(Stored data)

○ ○ ○ ○

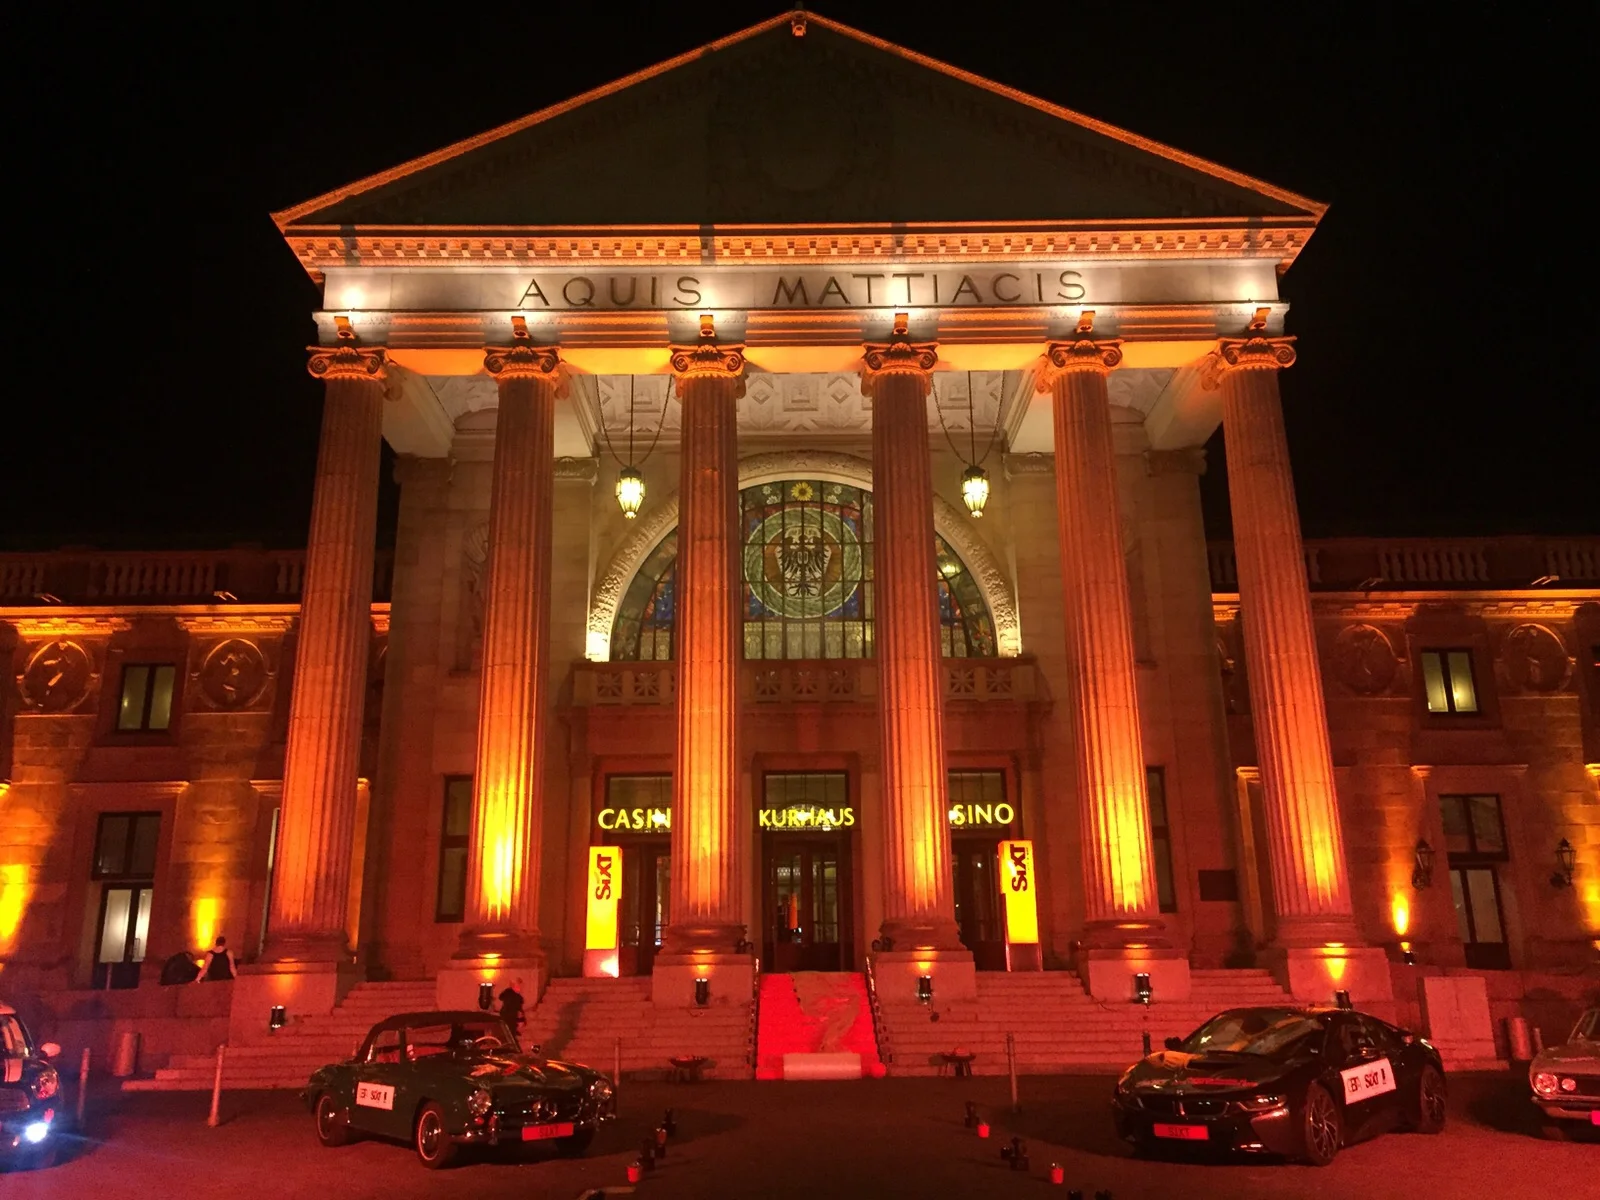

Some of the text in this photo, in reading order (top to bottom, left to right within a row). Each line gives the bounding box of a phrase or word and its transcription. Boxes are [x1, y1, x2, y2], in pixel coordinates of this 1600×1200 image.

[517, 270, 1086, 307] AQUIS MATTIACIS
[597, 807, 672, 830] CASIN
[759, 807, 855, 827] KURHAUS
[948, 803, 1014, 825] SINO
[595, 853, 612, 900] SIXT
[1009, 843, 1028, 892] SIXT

○ ○ ○ ○

**Task instructions**
Return all of the data exactly as written, and drop the pictures.

**Finished exercise**
Some of the text in this photo, in reading order (top to bottom, left to right within a row). Each line gives the bounding box of a phrase or word and its transcription. Boxes are [x1, y1, x2, y2], in pixel coordinates of this 1600×1200 image.

[517, 270, 1086, 307] AQUIS MATTIACIS
[597, 807, 672, 830] CASIN
[759, 807, 855, 827] KURHAUS
[948, 803, 1014, 825] SINO
[595, 853, 612, 900] SIXT
[1009, 843, 1028, 892] SIXT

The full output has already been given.